Transcriptional regulation and mutational analysis of a dctA gene encoding an organic acid transporter protein from Pseudomonas chlororaphis O6

Abstract

A dctA gene encoding a protein with identity to a C 4-dicarboxylic acid/H + symporter was cloned from a beneficial root colonizer, Pseudomonas chlororaphis O6 ( PcO6). Expression of the dctA gene was induced in minimal medium by several organic acids and was repressed by glucose. Highest expression was observed in early-logarithmic (log) cells grown on fumarate, acetate or succinate with decline as cells approached late-log growth phase. The dctA transcript accumulated weakly when cells were grown on malate, but strong expression was observed with benzoate. Expression of the dctA transcript was repressed in early-log cells upon addition of glucose to fumarate, but was detected as the cell culture aged.
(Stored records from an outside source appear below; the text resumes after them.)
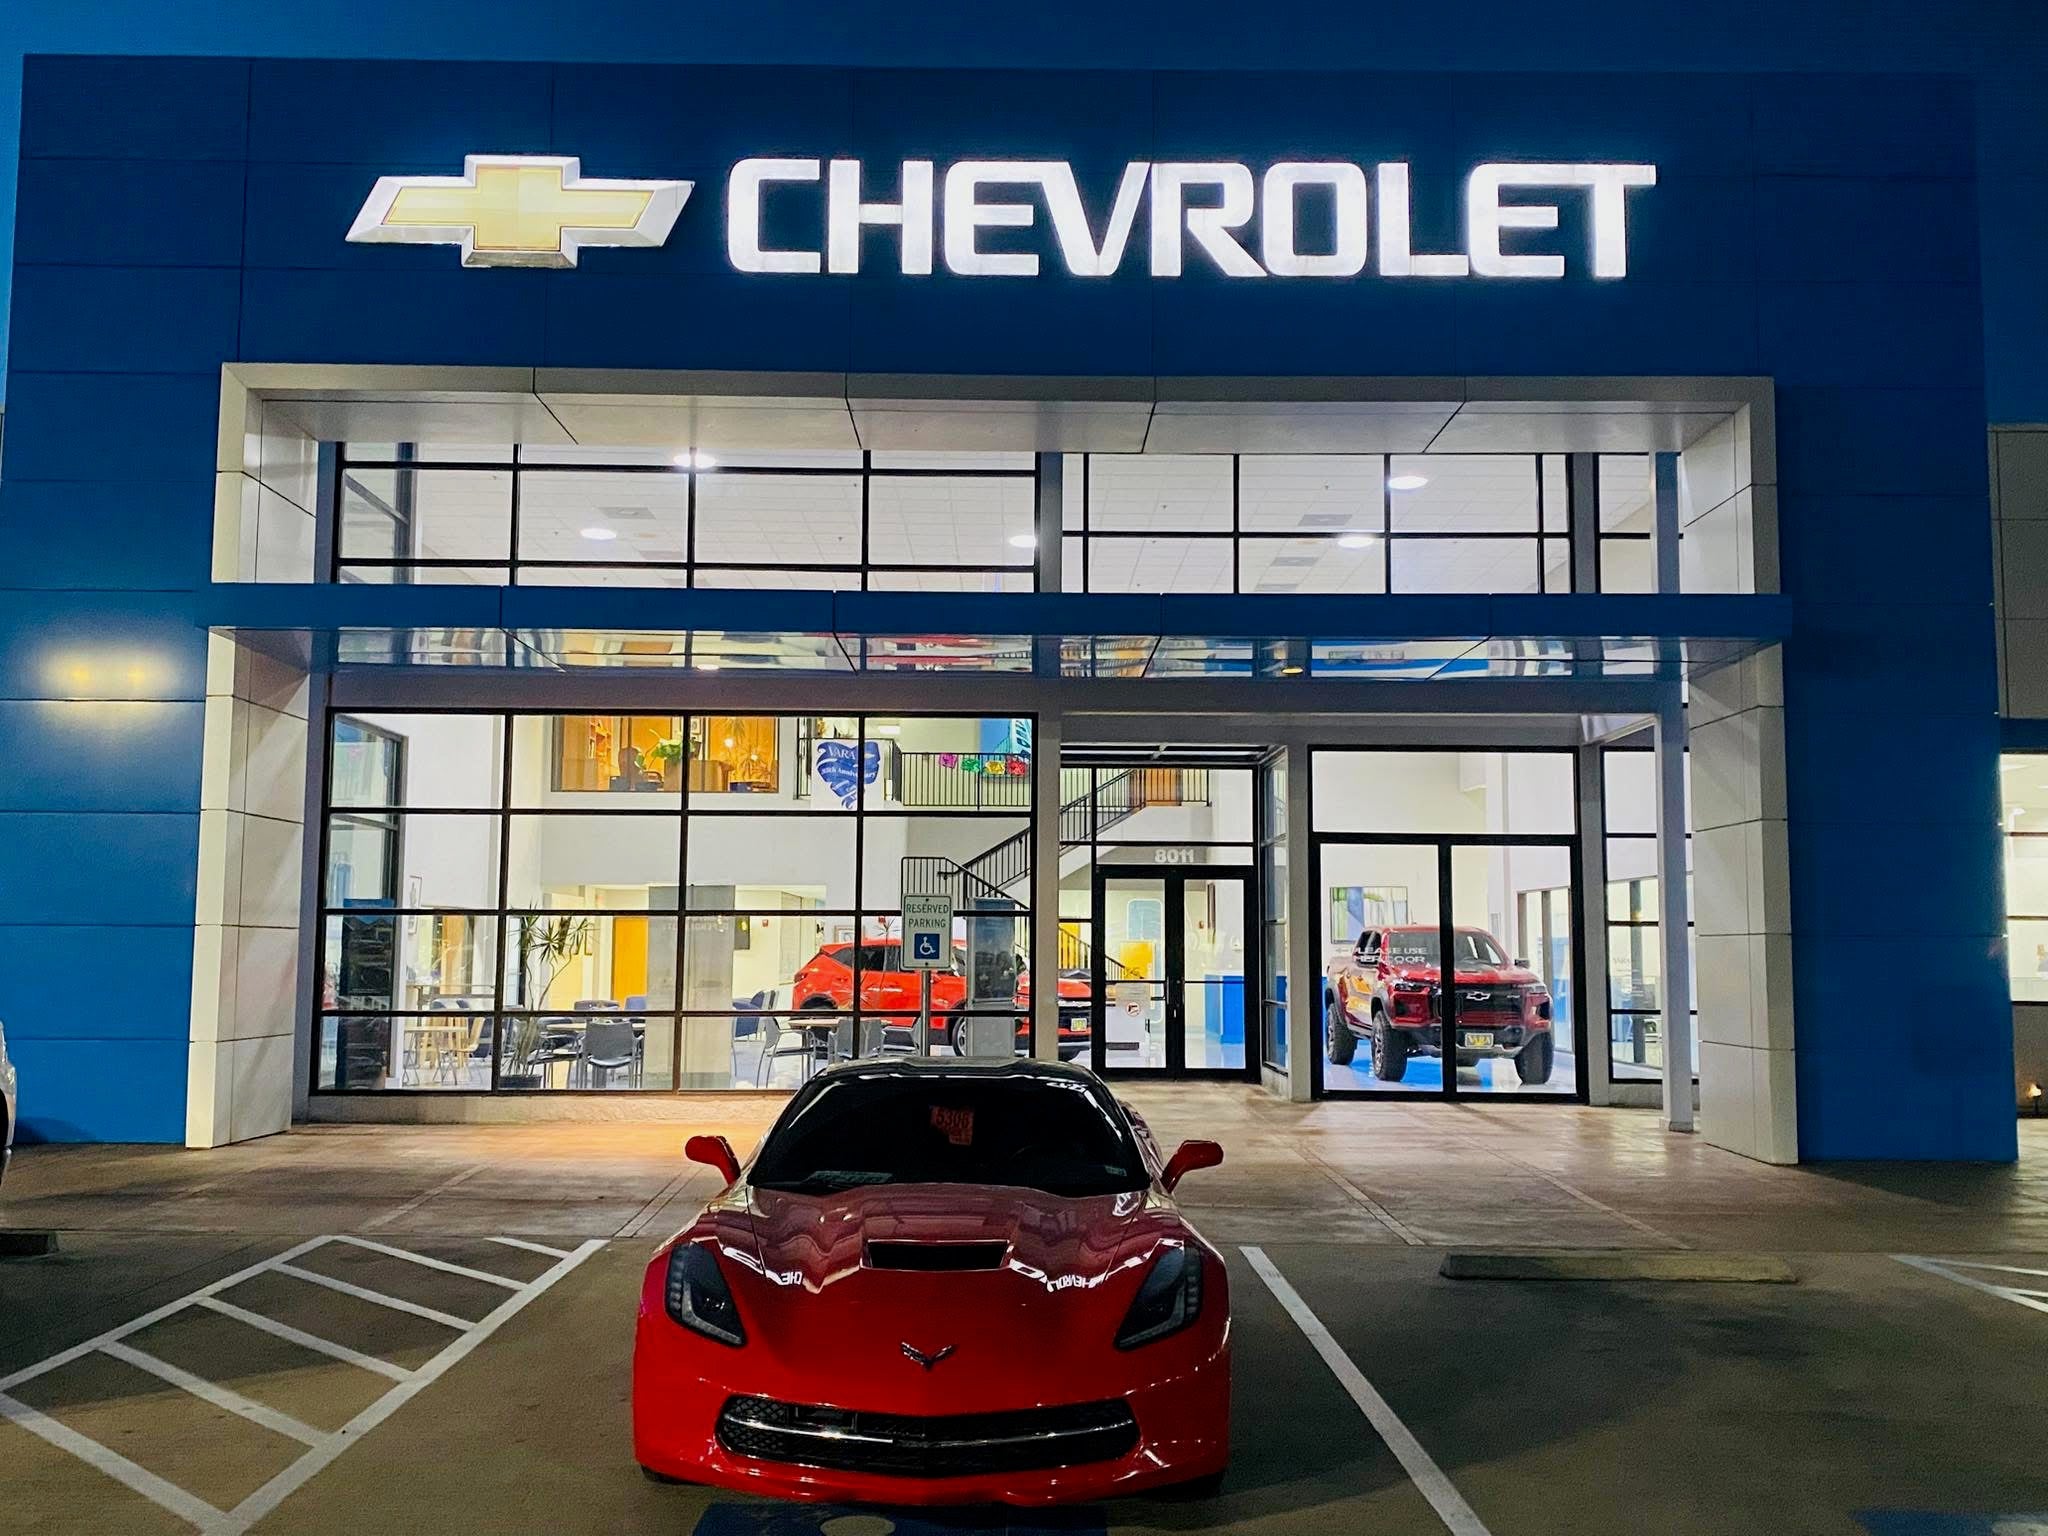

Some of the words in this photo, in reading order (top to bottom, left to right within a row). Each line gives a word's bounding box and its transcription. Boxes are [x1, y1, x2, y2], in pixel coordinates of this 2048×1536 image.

[727, 158, 1657, 279] CHEVROLET
[828, 744, 856, 760] VARA
[1154, 848, 1194, 863] 8011
[906, 903, 949, 914] RESERVED
[908, 918, 946, 928] PARKING
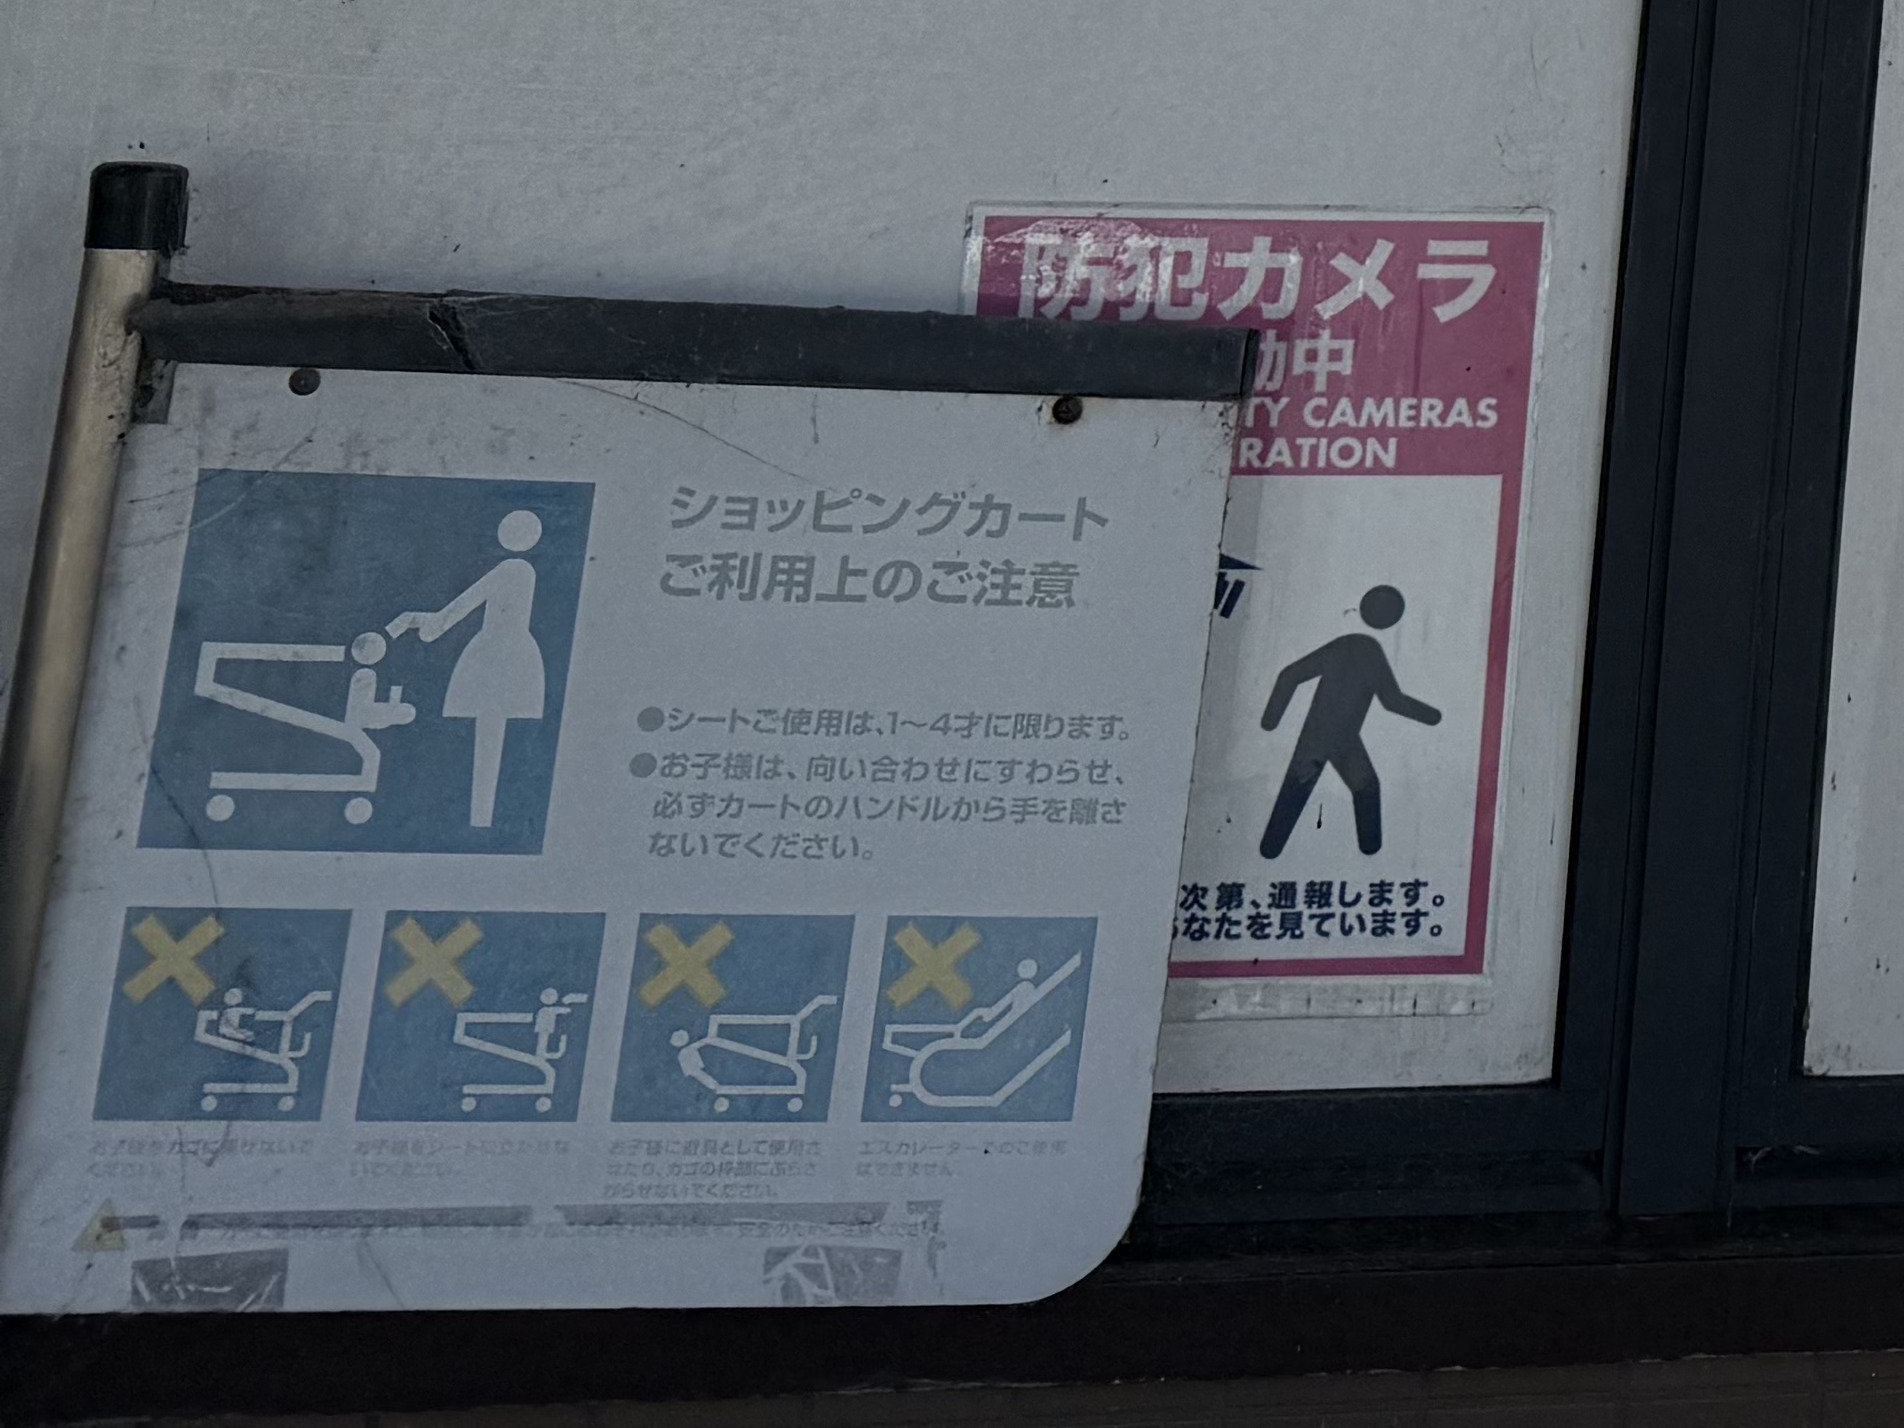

A dctA-deficient mutant of PcO6, constructed by marker exchange mutagenesis, did not grow on minimal medium containing succinate, benzoate, acetate or fumarate and growth on malate was delayed. The dctA mutant and wild-type grew equally on citrate, glucose, fructose, sucrose or inositol. We conclude that the transporter protein encoded by dctA is essential for utilization of certain organic acids and its expression is controlled by the availability of sugars.